What to produce: Exclude the pictures and reproduce the remaining data exactly as written.

*** Given entries ***

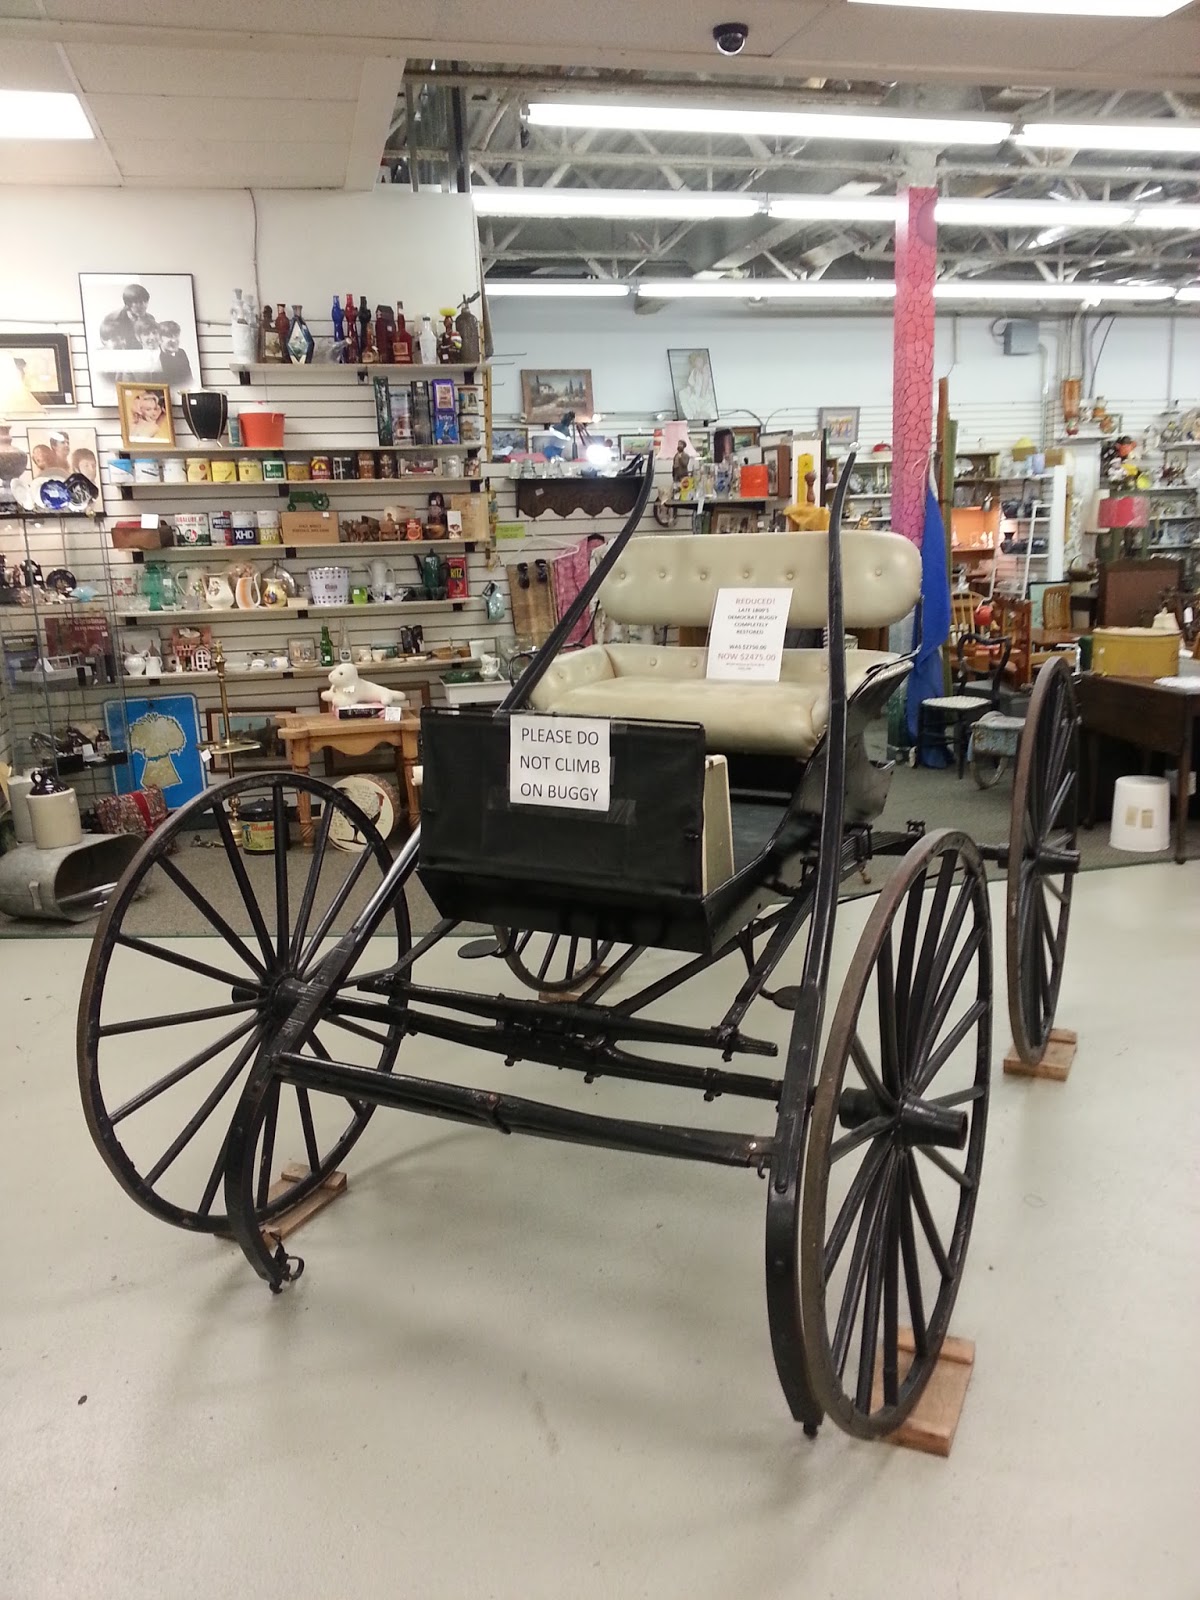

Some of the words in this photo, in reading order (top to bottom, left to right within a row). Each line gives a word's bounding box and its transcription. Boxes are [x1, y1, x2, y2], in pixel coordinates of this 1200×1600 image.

[235, 530, 254, 540] XHD
[450, 567, 463, 579] RITZ
[739, 653, 776, 661] $2475.00
[521, 728, 572, 744] PLEASE
[577, 731, 599, 745] DO
[520, 755, 551, 770] NOT
[555, 757, 600, 774] CLIMB
[520, 783, 543, 797] ON
[548, 785, 599, 802] BUGGY
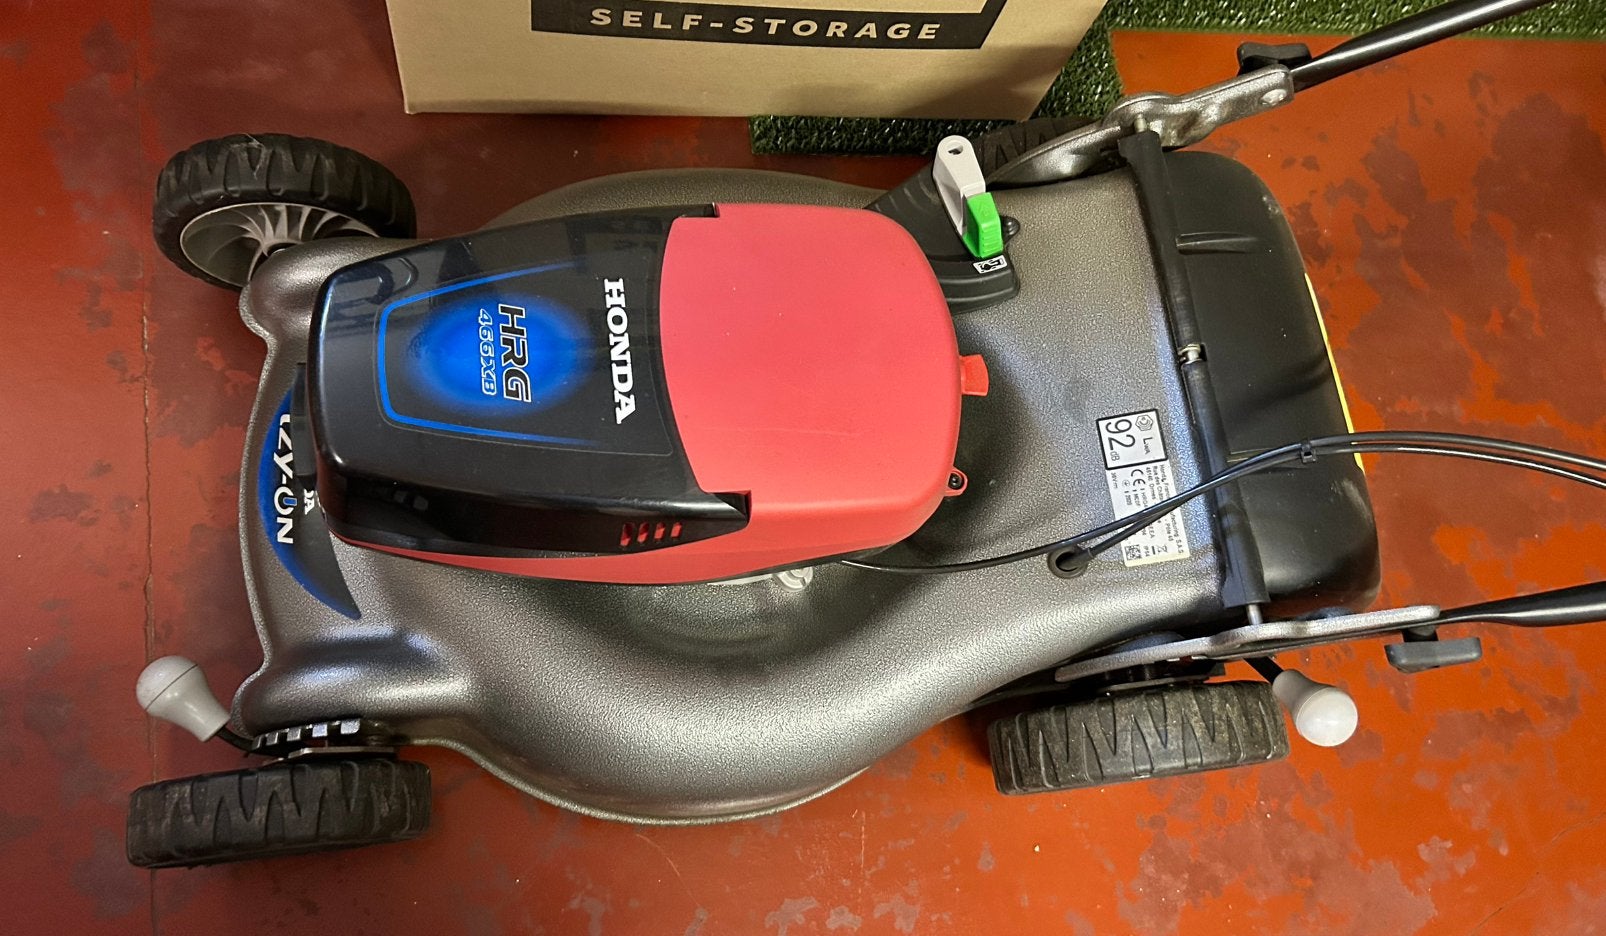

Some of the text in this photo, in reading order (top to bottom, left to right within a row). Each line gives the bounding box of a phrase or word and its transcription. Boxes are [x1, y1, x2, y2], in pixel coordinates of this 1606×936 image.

*** End of Given entries ***

Solved problem:
Some of the words in this photo, in reading order (top to bottom, left to right within a row). Each line gives a word's bounding box and its transcription. Boxes are [x1, y1, x2, y2], in pixel coordinates of this 1200×1600 image.

[235, 530, 254, 540] XHD
[450, 567, 463, 579] RITZ
[739, 653, 776, 661] $2475.00
[521, 728, 572, 744] PLEASE
[577, 731, 599, 745] DO
[520, 755, 551, 770] NOT
[555, 757, 600, 774] CLIMB
[520, 783, 543, 797] ON
[548, 785, 599, 802] BUGGY

Some of the text in this photo, in reading order (top to bottom, left to right within a row). Each line gives the bounding box of a phrase or word and its transcription. Boxes are [x1, y1, x2, y2], in pixel coordinates of this 1606×936 image.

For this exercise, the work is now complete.